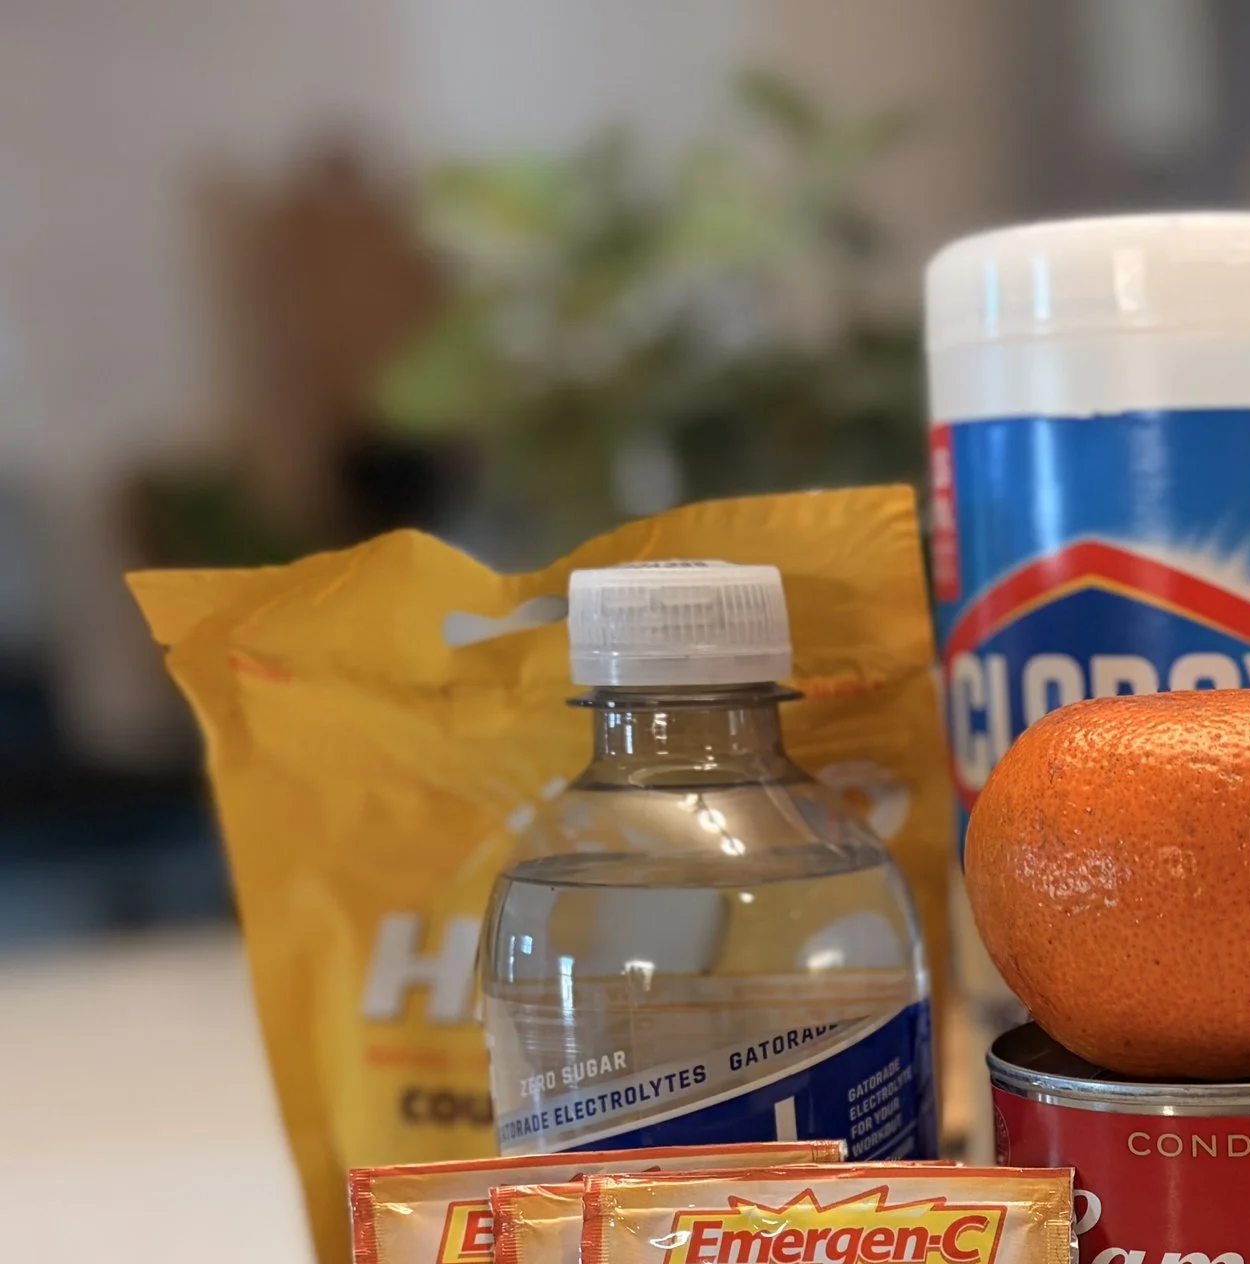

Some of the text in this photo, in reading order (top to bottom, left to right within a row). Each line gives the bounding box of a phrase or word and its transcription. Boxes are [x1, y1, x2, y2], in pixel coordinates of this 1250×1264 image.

[520, 1050, 627, 1098] ZERO SUGAR
[555, 1064, 707, 1126] ELECTROLYTES
[849, 1057, 900, 1102] GATORADE
[851, 1097, 900, 1139] FOR YOUR
[852, 1114, 902, 1157] WORKOUT
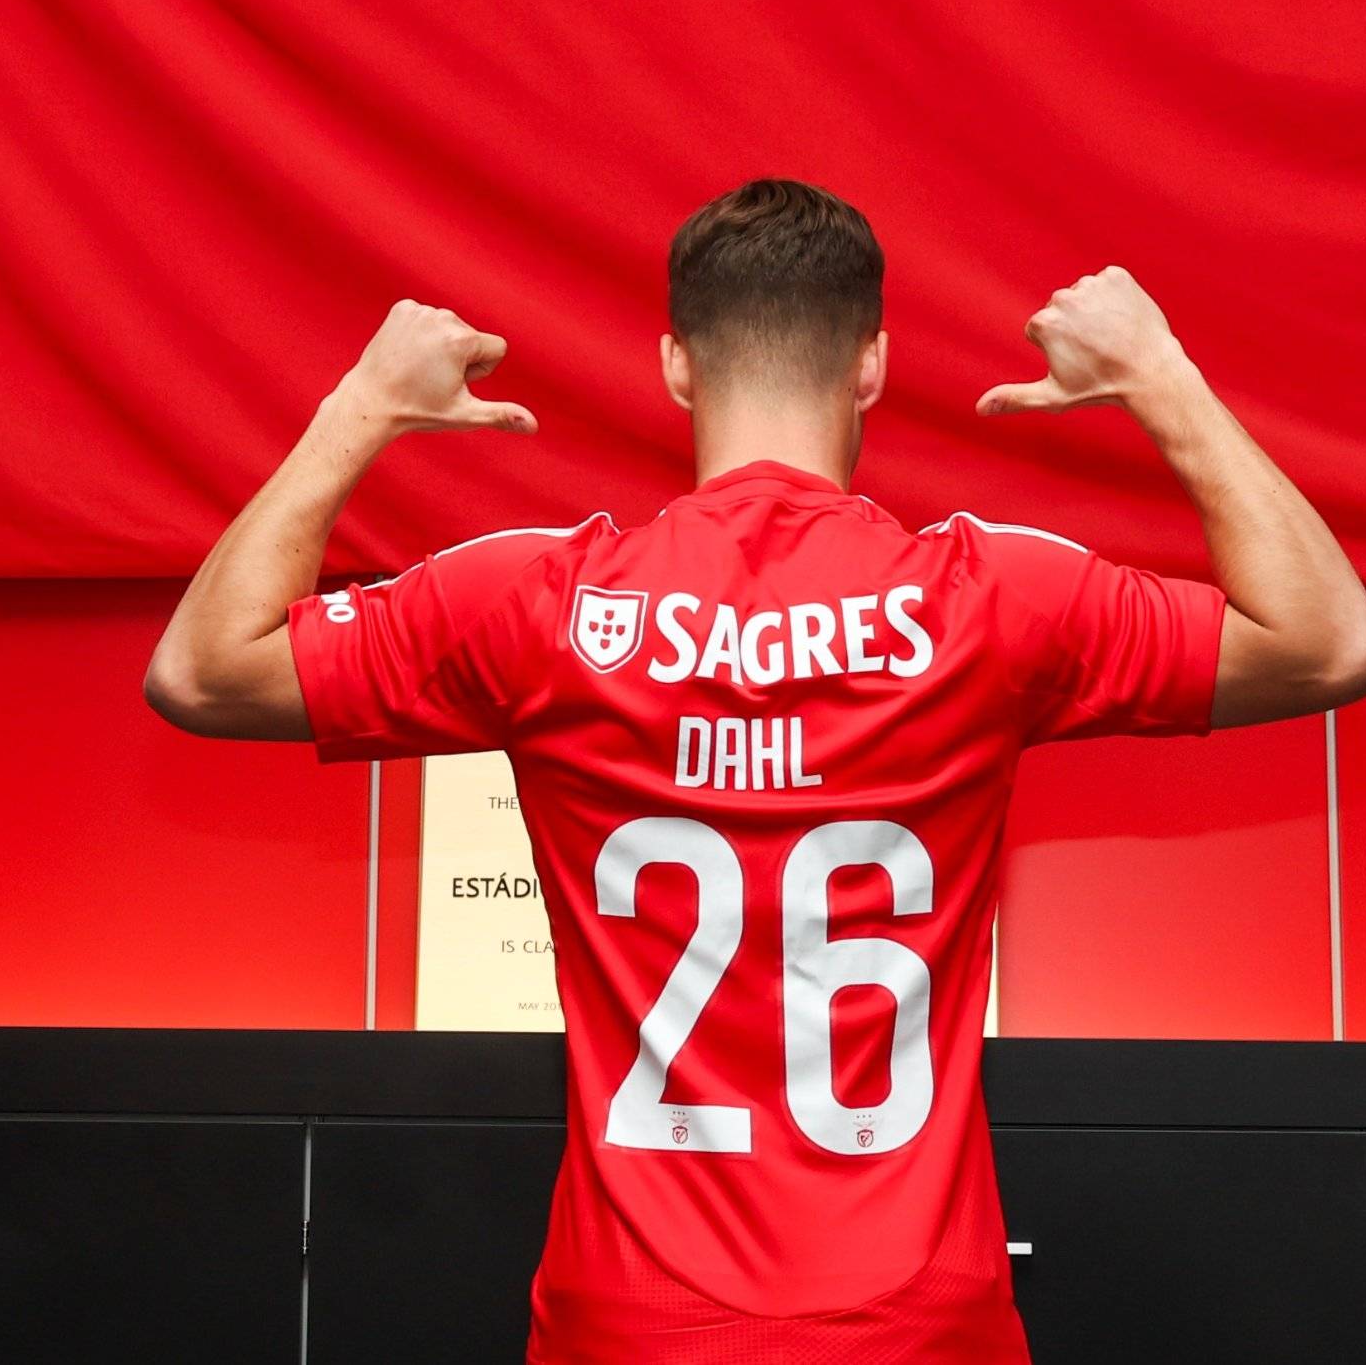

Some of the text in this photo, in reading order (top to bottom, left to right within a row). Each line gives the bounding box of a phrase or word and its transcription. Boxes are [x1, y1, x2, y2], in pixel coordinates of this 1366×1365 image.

[646, 584, 935, 686] SAGRES
[673, 715, 823, 791] DAHL
[487, 796, 518, 810] THE
[501, 939, 515, 954] IS
[517, 1001, 540, 1011] MAY
[593, 816, 935, 1155] 26
※
▸ **PROBLEM DESCRIPTION**
The listing above is to be written out again exactly, with its pictures omitted.

▸ **SOLUTION FOR THIS TASK**
Some of the text in this photo, in reading order (top to bottom, left to right within a row). Each line gives the bounding box of a phrase or word and its transcription. Boxes are [x1, y1, x2, y2], in pixel coordinates of this 1250×1264 image.

[520, 1050, 627, 1098] ZERO SUGAR
[555, 1064, 707, 1126] ELECTROLYTES
[849, 1057, 900, 1102] GATORADE
[851, 1097, 900, 1139] FOR YOUR
[852, 1114, 902, 1157] WORKOUT

Some of the text in this photo, in reading order (top to bottom, left to right within a row). Each line gives the bounding box of a phrase or word and its transcription. Boxes are [x1, y1, x2, y2], in pixel coordinates of this 1366×1365 image.

[646, 584, 935, 686] SAGRES
[673, 715, 823, 791] DAHL
[487, 796, 518, 810] THE
[501, 939, 515, 954] IS
[517, 1001, 540, 1011] MAY
[593, 816, 935, 1155] 26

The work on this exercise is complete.